» TASK DIRECTIONS
Your output must hold every entry exactly as written and none of the pictures.

# # # #

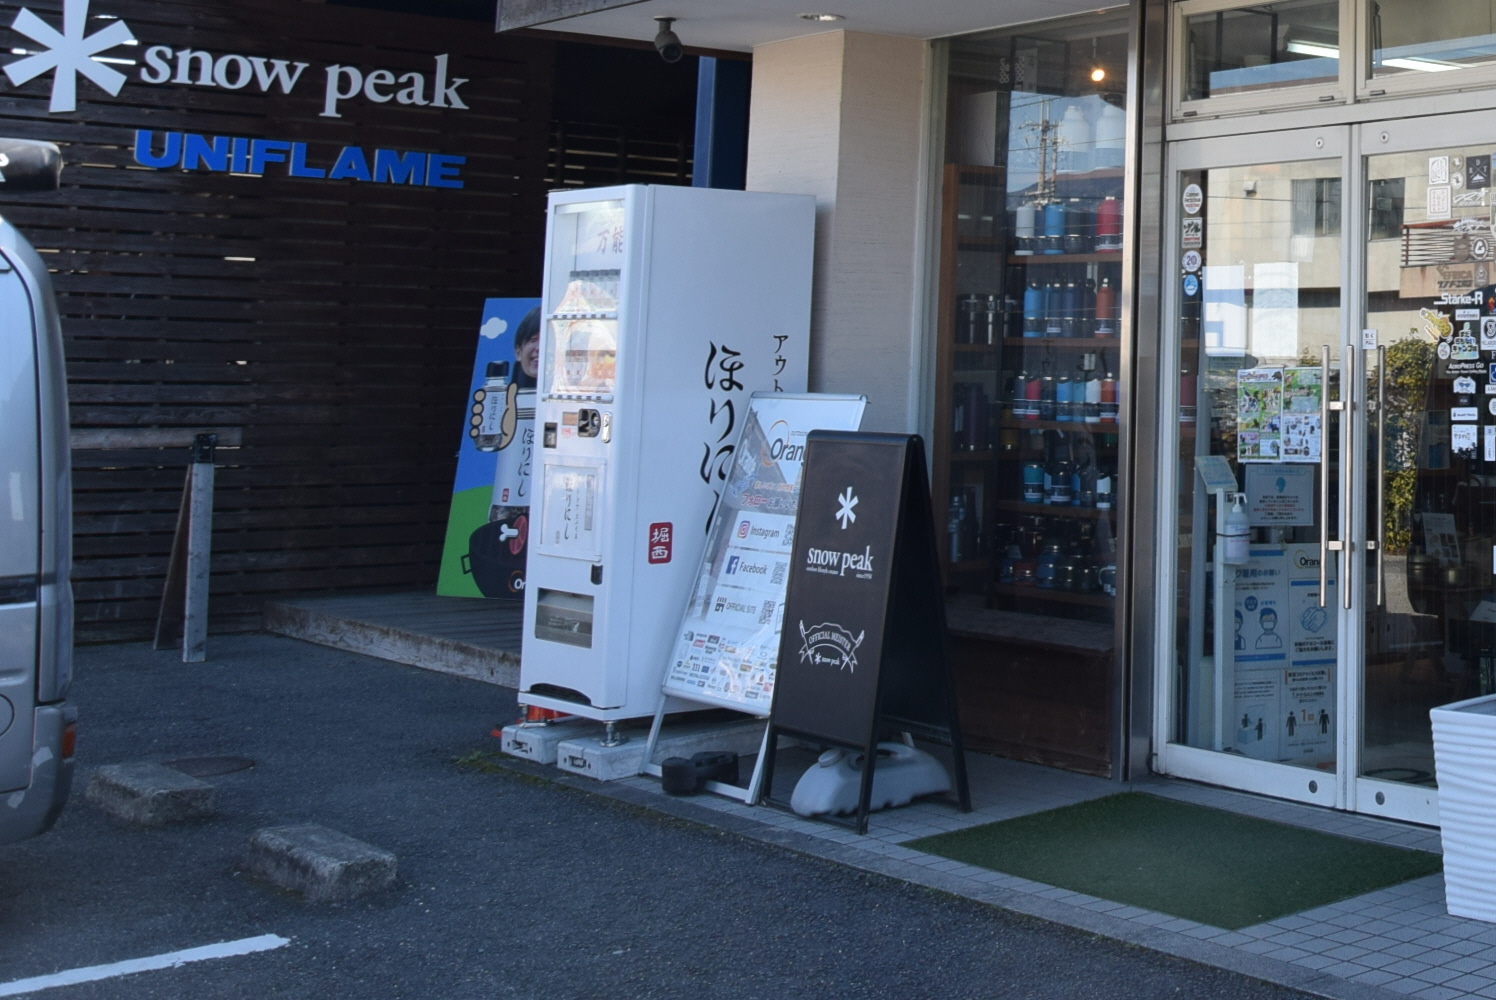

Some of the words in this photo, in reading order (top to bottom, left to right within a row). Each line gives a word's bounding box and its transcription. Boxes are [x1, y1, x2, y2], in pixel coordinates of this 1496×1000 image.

[141, 44, 309, 94] snow
[319, 54, 469, 117] peak
[134, 130, 467, 188] UNIFLAME
[770, 438, 804, 466] Oran
[650, 527, 670, 560] 堀西
[750, 526, 780, 540] Instagram
[740, 561, 768, 575] Facebook
[807, 547, 841, 566] snow
[840, 545, 874, 576] peak
[726, 603, 745, 613] OFFICIAL
[745, 605, 757, 614] SITE
[808, 630, 831, 644] OFFICIAL
[831, 631, 852, 652] MEISTER
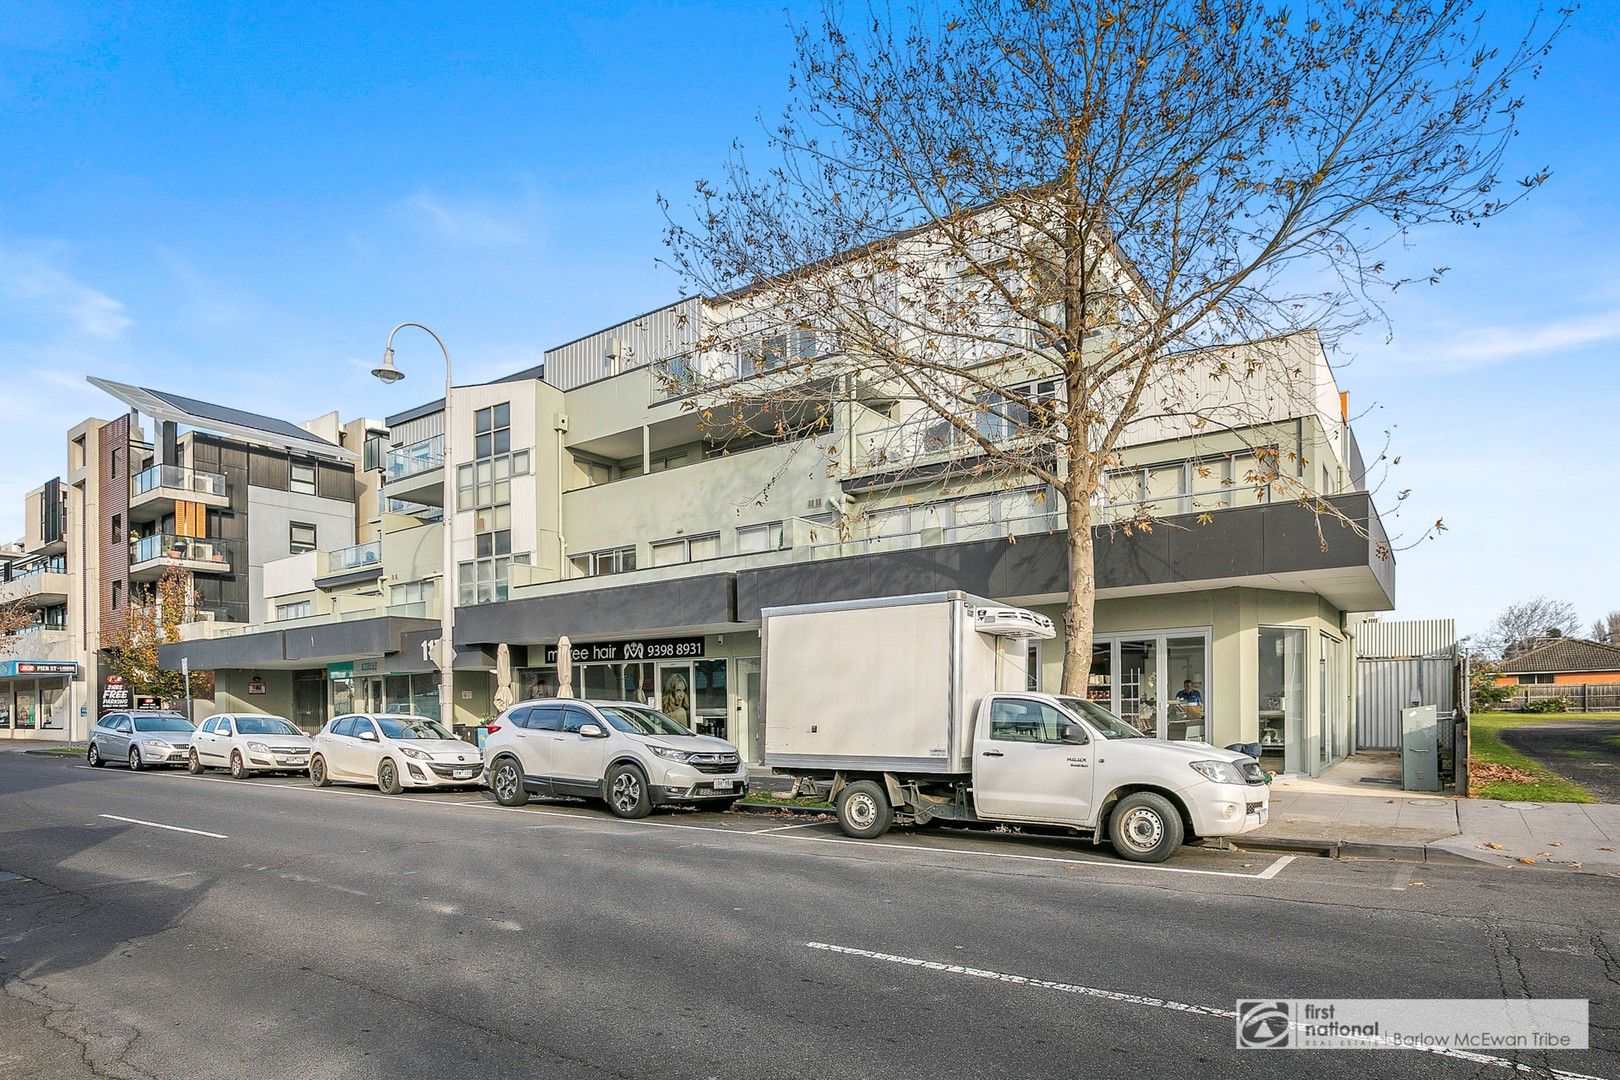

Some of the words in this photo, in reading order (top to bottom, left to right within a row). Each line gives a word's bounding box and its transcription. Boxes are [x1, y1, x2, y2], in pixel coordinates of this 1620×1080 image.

[421, 639, 440, 660] 11
[548, 648, 589, 661] mee
[593, 645, 616, 659] hair
[647, 644, 673, 657] 9398
[676, 642, 701, 655] 8931
[102, 690, 129, 699] FREE

# # # #

» SOLUTION
Some of the words in this photo, in reading order (top to bottom, left to right within a row). Each line gives a word's bounding box and its transcription. Boxes are [x1, y1, x2, y2], in pixel coordinates of this 1496×1000 image.

[141, 44, 309, 94] snow
[319, 54, 469, 117] peak
[134, 130, 467, 188] UNIFLAME
[770, 438, 804, 466] Oran
[650, 527, 670, 560] 堀西
[750, 526, 780, 540] Instagram
[740, 561, 768, 575] Facebook
[807, 547, 841, 566] snow
[840, 545, 874, 576] peak
[726, 603, 745, 613] OFFICIAL
[745, 605, 757, 614] SITE
[808, 630, 831, 644] OFFICIAL
[831, 631, 852, 652] MEISTER

Some of the words in this photo, in reading order (top to bottom, left to right within a row). Each line gives a word's bounding box and its transcription. Boxes are [x1, y1, x2, y2], in pixel coordinates of this 1620×1080 image.

[421, 639, 440, 660] 11
[548, 648, 589, 661] mee
[593, 645, 616, 659] hair
[647, 644, 673, 657] 9398
[676, 642, 701, 655] 8931
[102, 690, 129, 699] FREE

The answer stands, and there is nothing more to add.